On the day our A-level exams began some wit wrote on the blackboard: ‘I wasted time, and now doth time waste me.’ I thought of that again yesterday when a writer friend emailed: ‘Like you, I thought I would be much more productive but I do find it very hard to focus… and I still haven’t filed those boxes of books in the sitting room.’

The days fly by and the sunshine was a real bonus, for it is pleasant and surely good for the soul to sit in it, reading, dreaming, nodding off, and topping up our Vitamin D levels. I said here at the beginning of lockdown that I would finish the book I had already started, plus some short stories, this weekly column and the occasional book review. I would also dig out the information my horrid slave-driver of an accountant has politely, and then progressively less politely, been requesting. I have definitely read many books, but then I always do; and I have also written a couple of chapters, but at any other time I would have written ten by now, never mind during weeks when so many of life’s little interruptions and diversions have gone into quarantine themselves.
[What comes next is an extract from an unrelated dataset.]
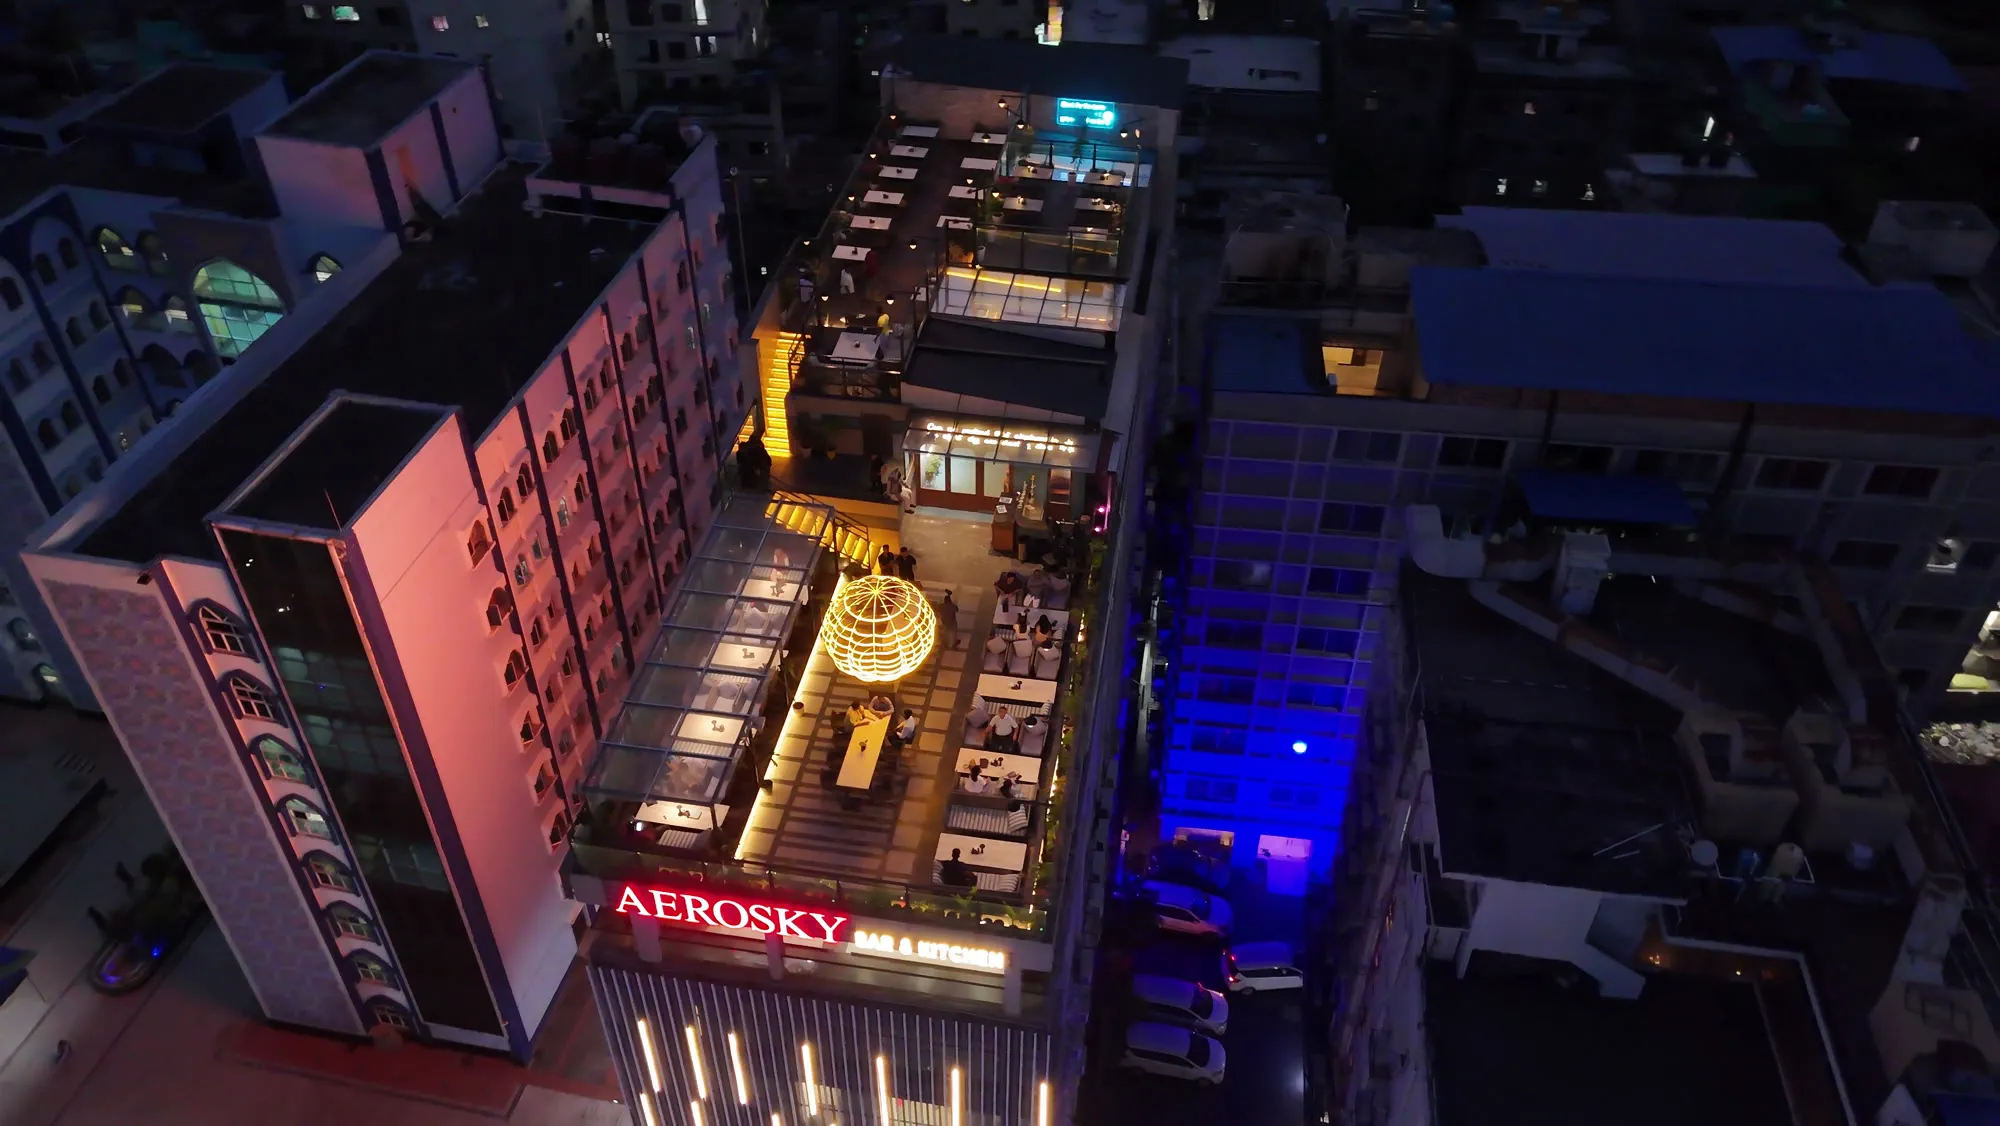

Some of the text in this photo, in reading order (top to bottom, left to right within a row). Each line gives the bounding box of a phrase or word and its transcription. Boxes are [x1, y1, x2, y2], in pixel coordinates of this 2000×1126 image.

[615, 886, 847, 944] AEROSKY
[854, 930, 1004, 969] BAR & KITCHEN
‘You appear to be suffering from sheep deprivation.’

Talking of A-levels, I have not yet penned my last essay for the one in classical civilisation I am supposed to be taking, nor have I finished the cushion of a panel from the Bayeux Tapestry, rearranged old photographs in new albums, or culled the duplicates of my collection of Ladybird Books and re-shelved the remainder in alphabetical or subject order. If I were a Catholic I would go to confession with a sin-list not of ‘I haves…’ but ‘I have nots…’.

Do you recognise yourself in all this? ‘If only I had the time…’ Oh come on.